As assistant director – feature film
- Kathapurushan - The Man of the Story - (1995)

Books
- Kolkata Cocktail (2010) by Joshy Joseph, Mathrubhumi Books.
- Mahasweta Deviyodoppam (2012) — Translator: VM Girija. Malayalam translation of Joshy Joseph's screenplay Journeying with Mahasweta Devi, Mathrubhumi Books.
- Calcutta Films: A Joshy Joseph Trilogy (2022) by Vidyarthy Chatterjee, Cerebrum Books — Winner of the Chidananda Dasgupta Memorial Award for Best Writing on Cinema.

==Community engagement and dialogue==
Joshy was the artistic director of the first edition of the Kadamakudy International Film Festival (KAIFF) held in August 2024. The festival was organized by the Kadamakudy Government Vocational Higher Secondary School, the Kerala State Chalachitra Academy, and the Kadamakudy Grama panchayat.
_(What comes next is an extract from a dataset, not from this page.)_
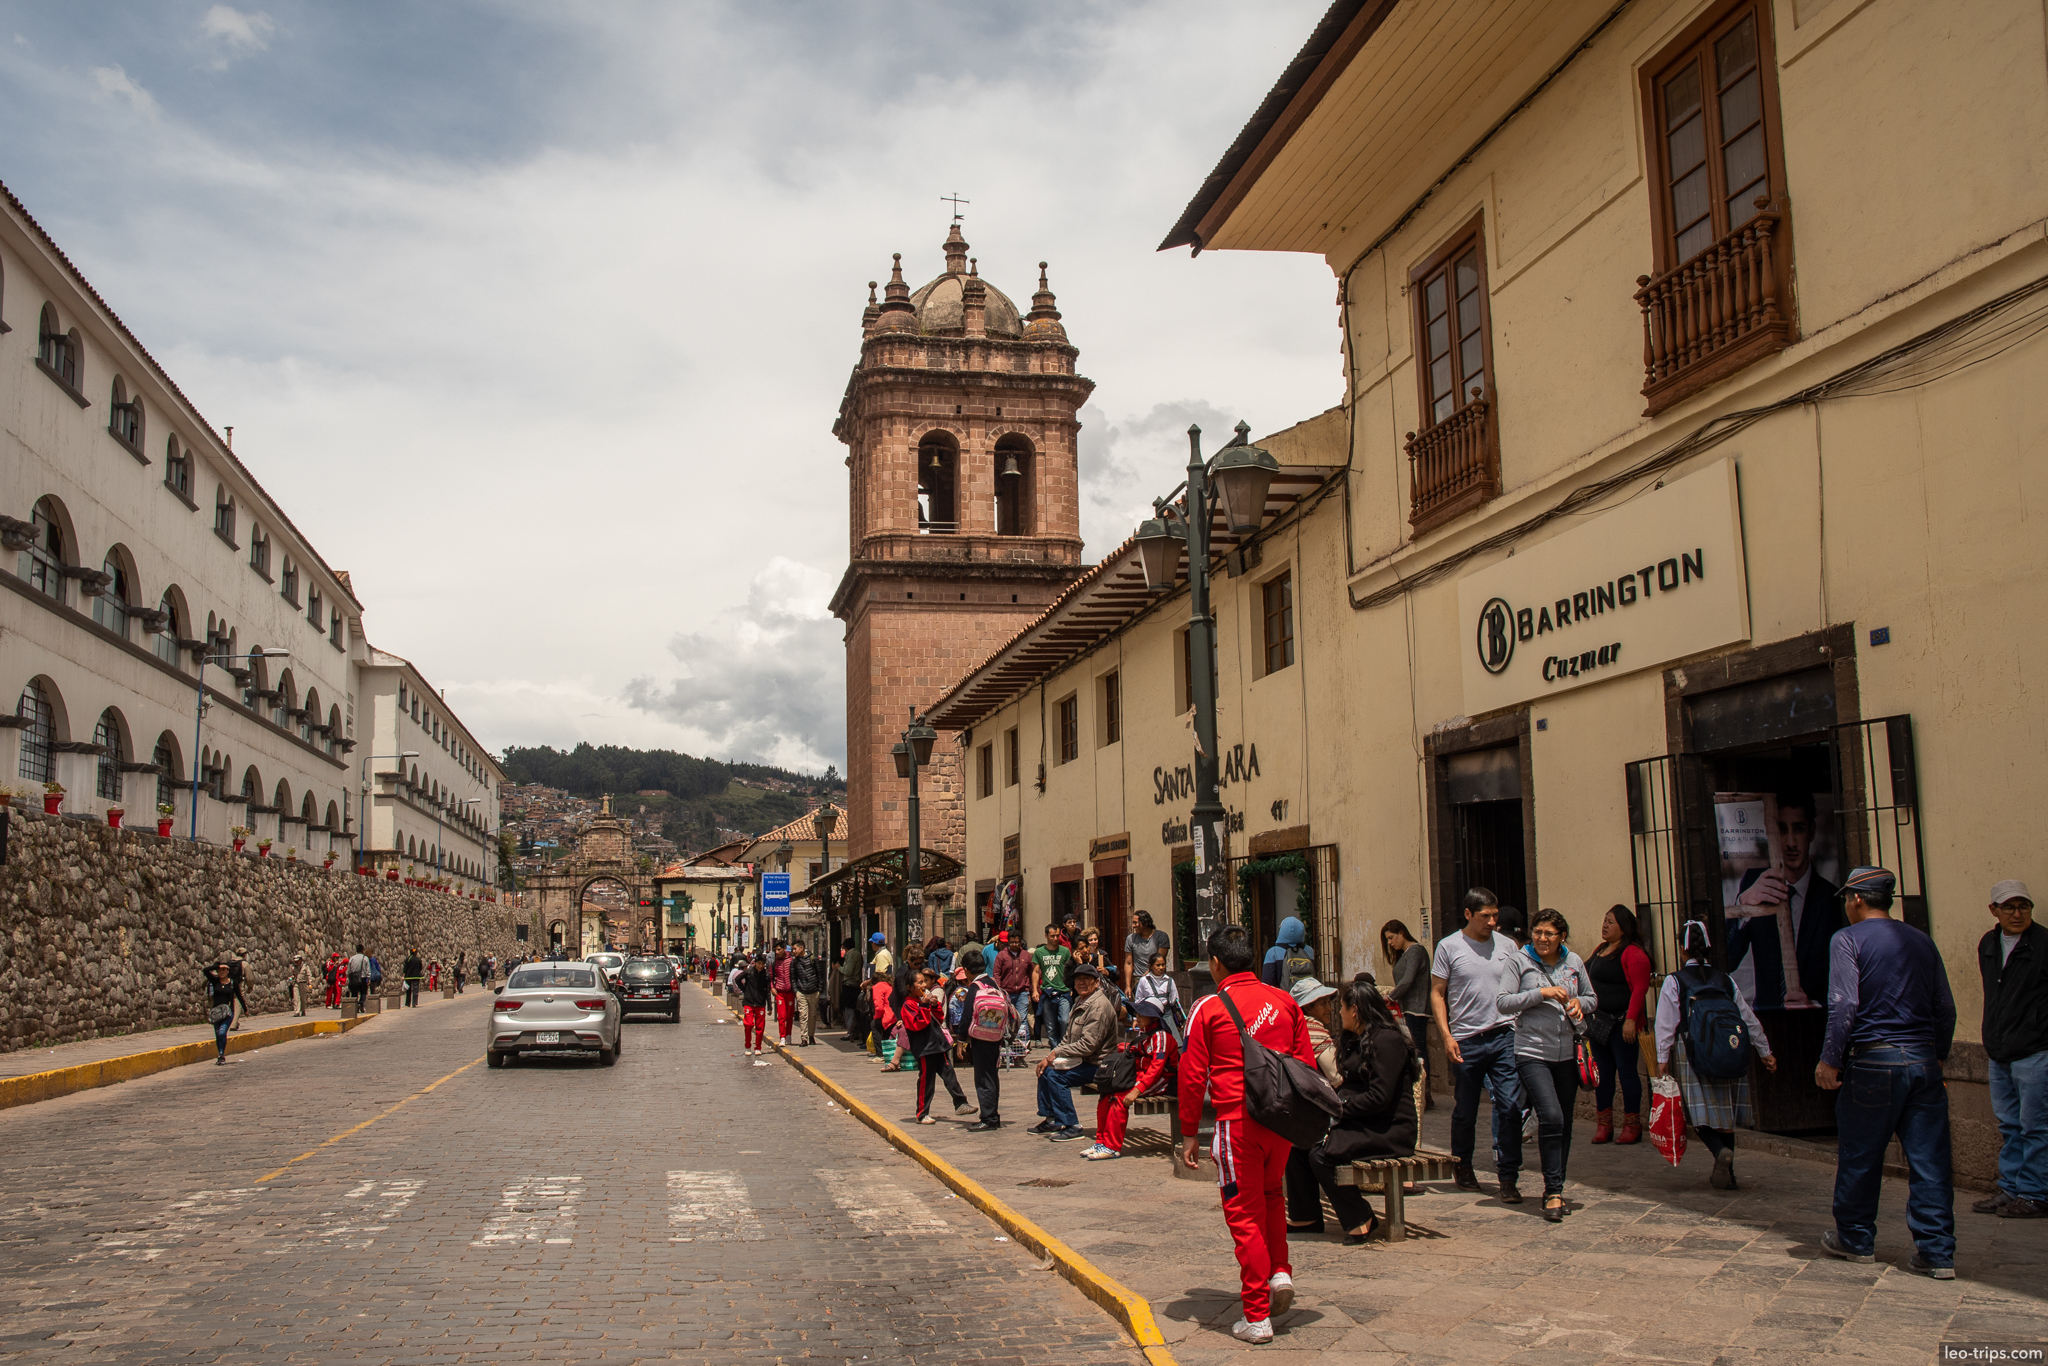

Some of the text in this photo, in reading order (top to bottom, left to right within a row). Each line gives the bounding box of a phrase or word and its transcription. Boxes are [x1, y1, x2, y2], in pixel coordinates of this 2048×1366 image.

KAIFF aims to introduce the local community in the suburban village of Kadamakudy to alternative cinema while promoting village tourism.

==Public stance and activism==
Joseph was one of 46 writers, filmmakers, artists, and public figures who issued a statement in April 2024 condemning certain Christian churches for screening the propaganda film The Kerala Story.

In August 2024, Joseph affirmed his support for Bengali actor Sreelekha Mitra's allegations of misconduct against a Malayalam film director.

==Personal==
Joseph's family includes his wife Bency and son.